Mexican hornsharks are widely distributed throughout the coast of the Eastern Pacific, mainly around southern Baja California, and possibly as far south as Peru. The rocky bottoms, coral reefs, and sandy areas of the littoral zone create the habitat of this hornshark. The Mexican hornshark can be found at a maximum depth of around 50 m, but is usually found down to 20 m.

==Behavior==
Like all members of the order Heterodontiformes, the Mexican hornshark is oviparous. After an unknown gestation period, the female attaches an unknown number of spiral-shaped egg cases to rocks on the sea floor. The length of the incubation period of these egg cases is also unknown. Not much about the feeding habits of the Mexican hornshark is known, but it most likely feeds on shelled invertebrates. Because of its size, this shark poses no danger to humans.

==Conservation==
The Mexican hornshark is listed as least concern by the IUCN Red List.
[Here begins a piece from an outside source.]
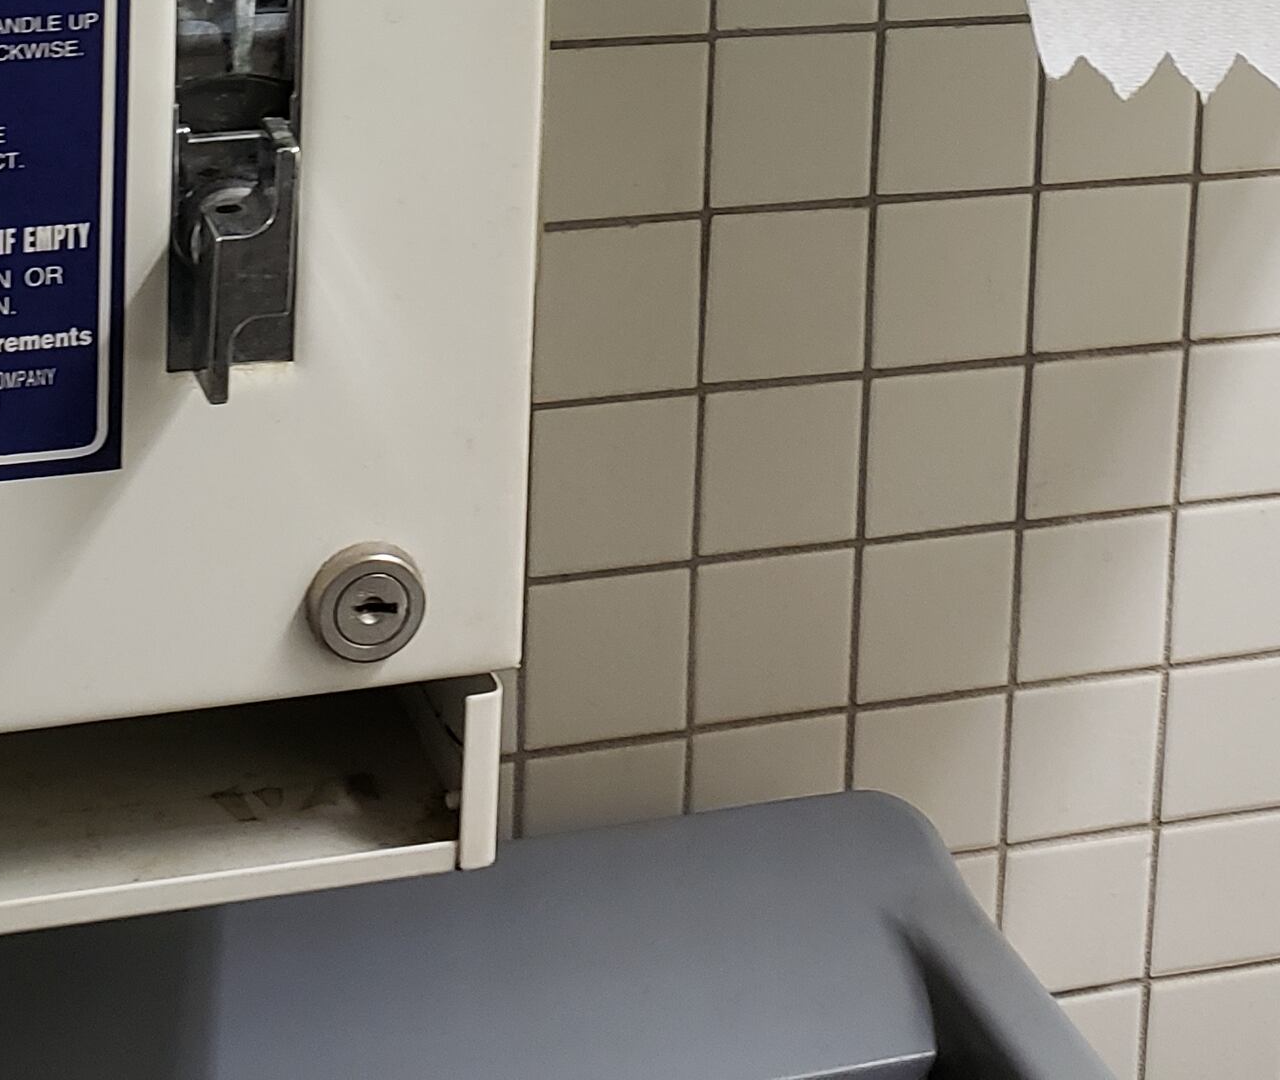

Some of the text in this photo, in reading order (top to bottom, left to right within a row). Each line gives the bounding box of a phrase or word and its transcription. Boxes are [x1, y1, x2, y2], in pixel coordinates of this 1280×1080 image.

This shark is not considered to have commercial value, but it is at risk nonetheless because it is taken as bycatch by fishing operations that use bottom gillnets. Mexican hornsharks caught as bycatch are either discarded or used in fishmeal. If released back into the water, these sharks are hardy enough to survive, but unfortunately, many discarded hornsharks are left on beaches to die. Overall, the threat to Mexican hornsharks is considerable, as their range is restricted and they are frequently caught.